Unless you found it tucked between the clothing and dairy aisles at your local big box store, your bike probably has at least one feature that qualifies as genuinely innovative. Maybe even revolutionary, depending on the bike maker’s level of skill. In any case, your bike is, from an engineering standpoint, special, and you know it. It’s why you bought the thing. The same goes for everything else: backpack, shoes, sunglasses, GPS watch. They’re all innovative, in their own way. Why, then, would you ever consider wearing a helmet — the one thing standing between you and a potentially life-threatening head injury — that’s anything but?
Smith, long an innovator in the world of sports eyewear and safety, uses a pretty miraculous material in its helmets. It’s called Koroyd, and it will completely change the way you think about protection.
Koroyd is a meticulously engineered impact-absorbing material that was originally developed for the aerospace industry. It looks like a bright green honeycomb lattice, containing thousands of co-polymer tubes thermally welded together — almost like a sheet of bunched-up plastic straws. On impact, the “straws” buckle and crush, absorbing and diffusing the energy. But how is that any different from existing helmet technology?
“The cool thing about Koroyd is that it’s an engineered structure for crushing in a homogeneous way — it actually absorbs and dissipates energy, instead of acting like a spring,” says Eric Thorsell, a Design Engineer at Smith. Ubiquitous EPS styrofoam compresses and rebounds — it doesn’t absorb and dissipate that energy like Koroyd. It’s an antiquated material derived from the packaging industry. “You can imagine if you have a chunk of foam, and you bang on it with something — at first, it’s this nice big fluffy chunk of foam, but as that hammer starts going through, the foam is compressing and getting denser and denser, so its ability to resist that force is being reduced. With Koroyd, those tubes will buckle all the way down, creating a linear energy absorber.”

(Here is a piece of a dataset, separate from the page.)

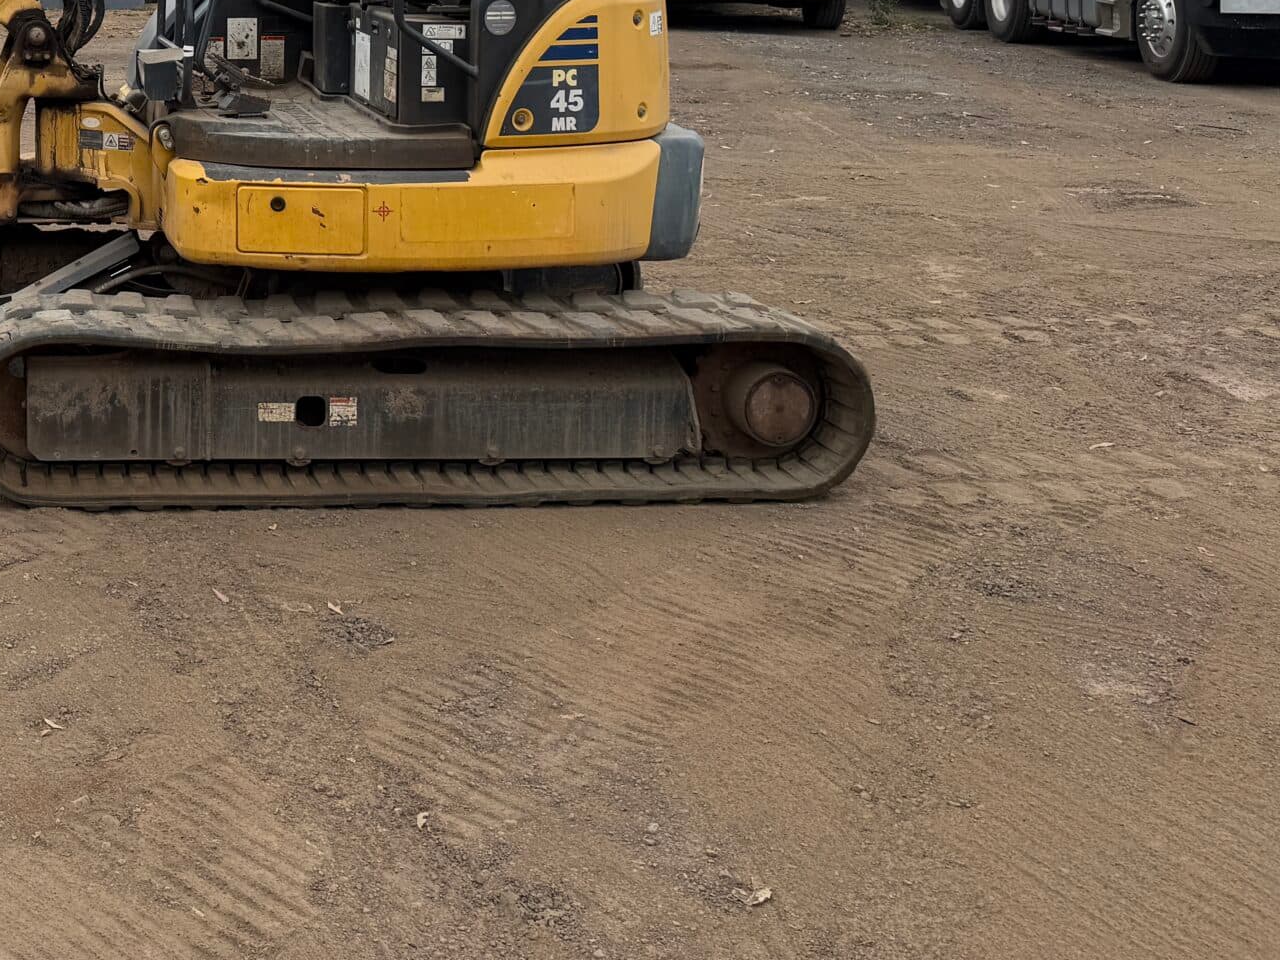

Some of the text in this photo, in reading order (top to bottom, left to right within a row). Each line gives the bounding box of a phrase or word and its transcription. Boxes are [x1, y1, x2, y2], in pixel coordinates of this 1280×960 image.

[552, 69, 578, 87] PC
[550, 89, 584, 113] 45
[551, 116, 577, 132] MR

Koroyd is designed, with expertise from the aerospace industry, specifically for reducing brain and skull injury. And when Thorsell’s team tests it against standard helmets, it’s absorbing 30 percent more energy. It allows cool air in and, when the riding gets fast, functions much like a car exhaust, evacuating hot air away from your head. It is among the lightest energy-absorbing materials on the market — Smith’s Overtake helmet, for example, weighs 250 grams (that’s just under 9 ounces). And it lasts far longer than standard EPS helmets.
“With EPS, when you get hit, the helmet is done. You need to replace the helmet,” Thorsell says. “The foam is densified and just doesn’t absorb impact like it used to. Koroyd has the ability to elastically deform. So, for low-speed impacts, it can absorb and release energy without crushing.”
It doesn’t matter whether you’re leisurely cruising on tarmac or flying down trails so fast your eyeballs get windburn. You must ask yourself: what price am I willing to pay for peace of mind? I seek innovative, high-performance equipment for everything else — shouldn’t my helmet be the same? Thorsell wagers it should, and not just because Koroyd is an improvement from older technology. Smith’s helmets are designed, ultimately, to do one thing: make you a better rider.
“If you can go out and spend a whole day in the saddle,” says Thorsell, “and you never once have to think about the weight on your head, or the tightness of your fit system, or the fact that there’s sweat dripping down your face — if we can continue to innovate and create something that allows you to have the perfect day riding, without any minor annoyances, while at the same time creating a product that makes you feel safer and gives you confidence — that’s where we’re headed. We want people to get out there and focus solely on riding, not having to worry about those other things.”